Meira Warshauer was born in Wilmington, North Carolina, and graduated from Harvard University (magna cum laude), New England Conservatory of Music (with honors), and the University of South Carolina. She studied composition with Mario Davidovsky, Jacob Druckman, William Thomas McKinley, and Gordon Goodwin. Her works have been performed and recorded to critical acclaim throughout the United States and in Israel, Europe, South America, and Asia. She has received numerous awards from ASCAP as well as the American Music Center, Meet the Composer, and the South Carolina Arts Commission. Warshauer was awarded the Artist Fellowship in Music by the South Carolina Arts Commission in 1994, and in 2000, received the first Art and Cultural Achievement Award from the Jewish Historical Society of South Carolina.
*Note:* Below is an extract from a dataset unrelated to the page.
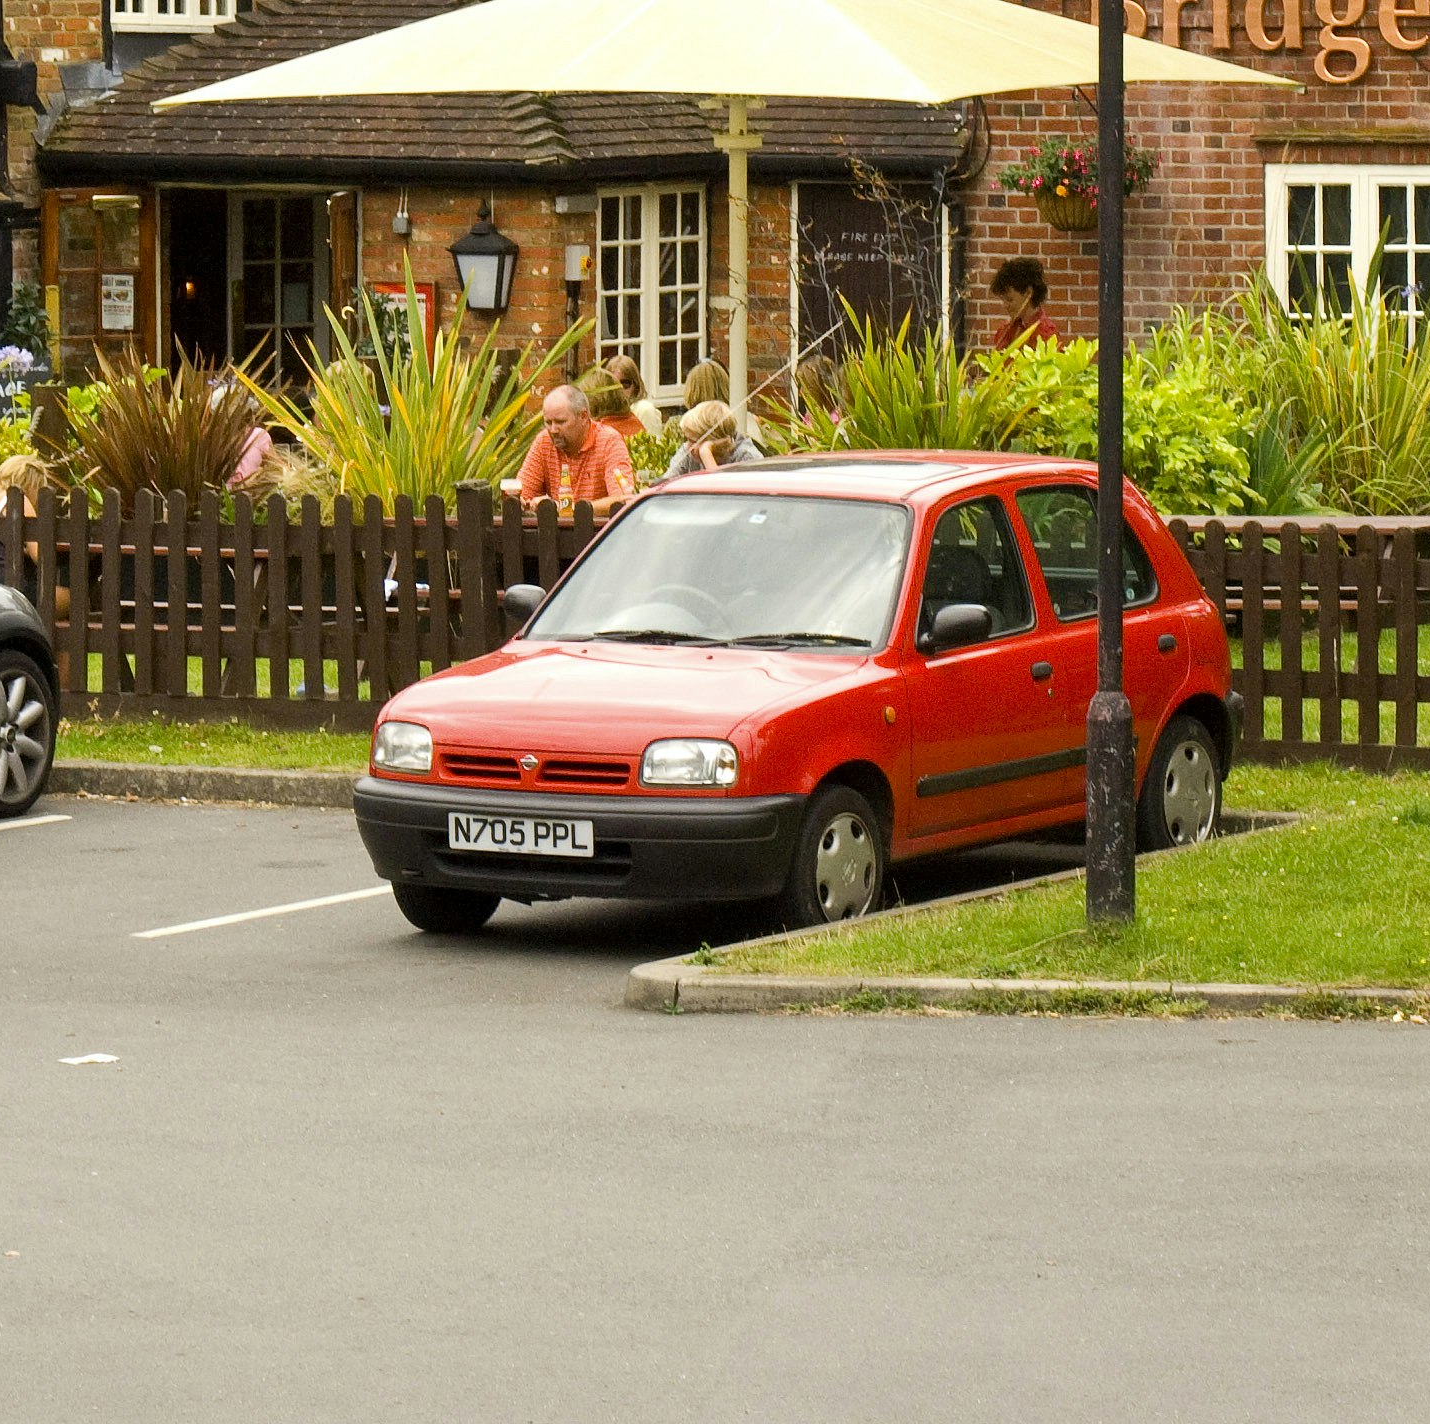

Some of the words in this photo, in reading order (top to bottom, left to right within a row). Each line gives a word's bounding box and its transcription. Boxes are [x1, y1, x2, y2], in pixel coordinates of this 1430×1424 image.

Warshauer has received commissions from the Dayton (Ohio) Philharmonic, the South Carolina Philharmonic (three orchestra works), the Zamir Chorale of Boston with the Rottenberg Chorale (New York City), Zemer Chai (Washington, DC), Gratz College (Philadelphia), Kol Dodi (New Jersey); the Cantors Assembly, clarinetist Richard Nunemaker, violinist Daniel Heifetz, and flutist Paula Robison. Her CDs include the soundtrack to the documentary Land of Promise: The Jews of South Carolina and Spirals of Light, chamber music and poetry (by Ani Tuzman) on themes of enlightenment, on the Kol Meira label, and Revelation for orchestra, included on Robert Black Conducts (MMC). YES! for clarinet and orchestra, written for and recorded by Richard Stoltzman and the Warsaw Philharmonic, is scheduled for release by MMC in 2004.

Warshauer is on the faculty of Columbia College, Columbia, South Carolina, where she teaches an innovative cross-cultural, multidisciplinary course on the experience of music as a source of healing. Warshauer has devoted much of her work to Jewish themes. In spring 2002, Kol Israel National Radio broadcast an hour-long program to her music. For more information about Meira Warshauer, visit her website at Meira Warshauer.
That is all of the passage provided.